• **Exercise requirements**:
Return the listing in full and exactly, but without a single picture.

======== Exercise inputs ========

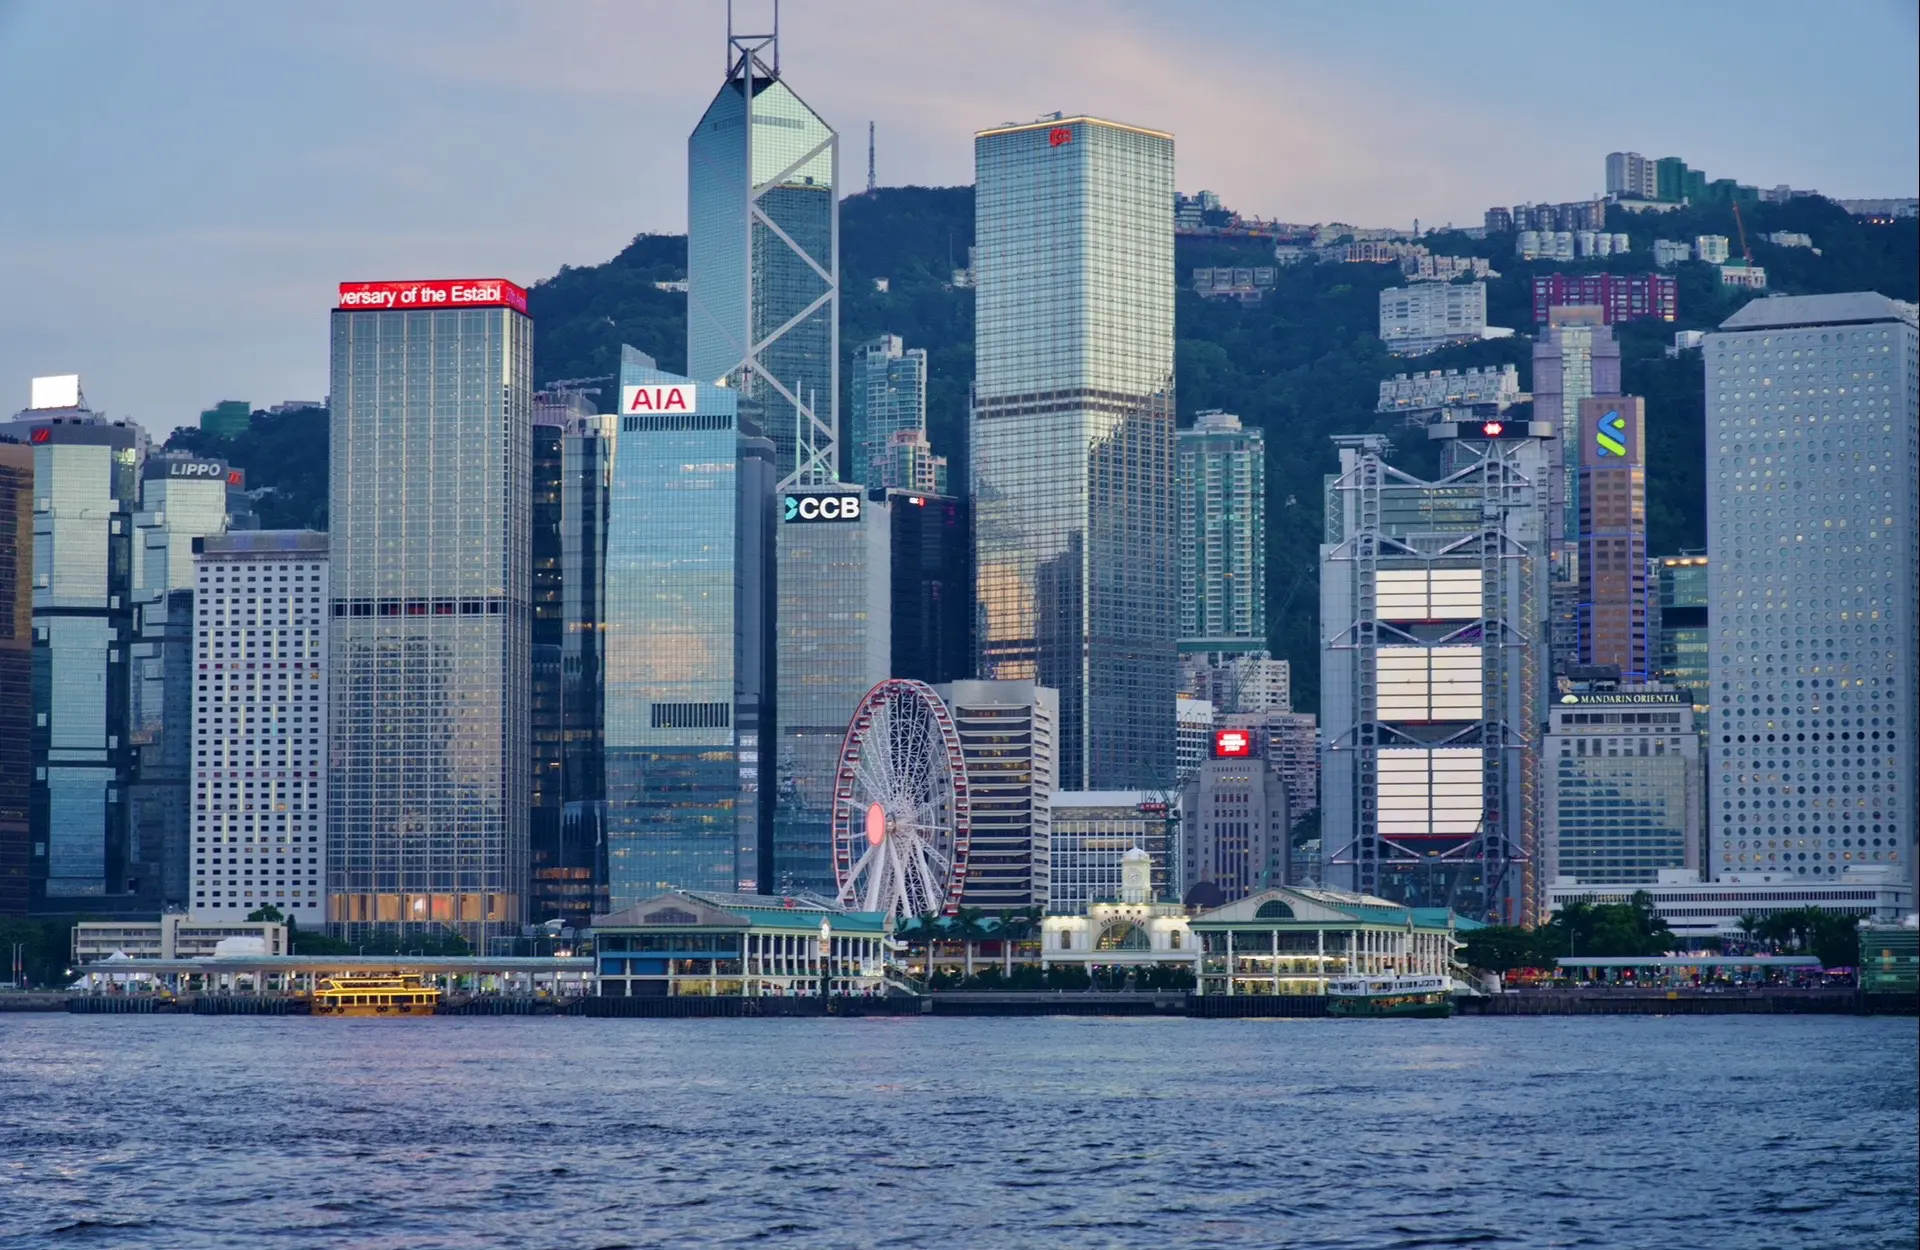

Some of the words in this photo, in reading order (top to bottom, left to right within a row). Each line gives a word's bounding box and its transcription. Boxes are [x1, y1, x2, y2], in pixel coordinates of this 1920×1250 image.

[340, 290, 397, 307] versary
[401, 287, 417, 303] of
[421, 287, 447, 302] the
[451, 286, 501, 302] Establ
[631, 388, 686, 410] AIA
[171, 463, 221, 477] LIPPO
[799, 497, 860, 520] CCB
[1580, 694, 1632, 703] MANDARIN
[1633, 693, 1681, 703] ORIENTAL

========

• **Final answer**:
Some of the words in this photo, in reading order (top to bottom, left to right within a row). Each line gives a word's bounding box and its transcription. Boxes are [x1, y1, x2, y2], in pixel coordinates of this 1920×1250 image.

[340, 290, 397, 307] versary
[401, 287, 417, 303] of
[421, 287, 447, 302] the
[451, 286, 501, 302] Establ
[631, 388, 686, 410] AIA
[171, 463, 221, 477] LIPPO
[799, 497, 860, 520] CCB
[1580, 694, 1632, 703] MANDARIN
[1633, 693, 1681, 703] ORIENTAL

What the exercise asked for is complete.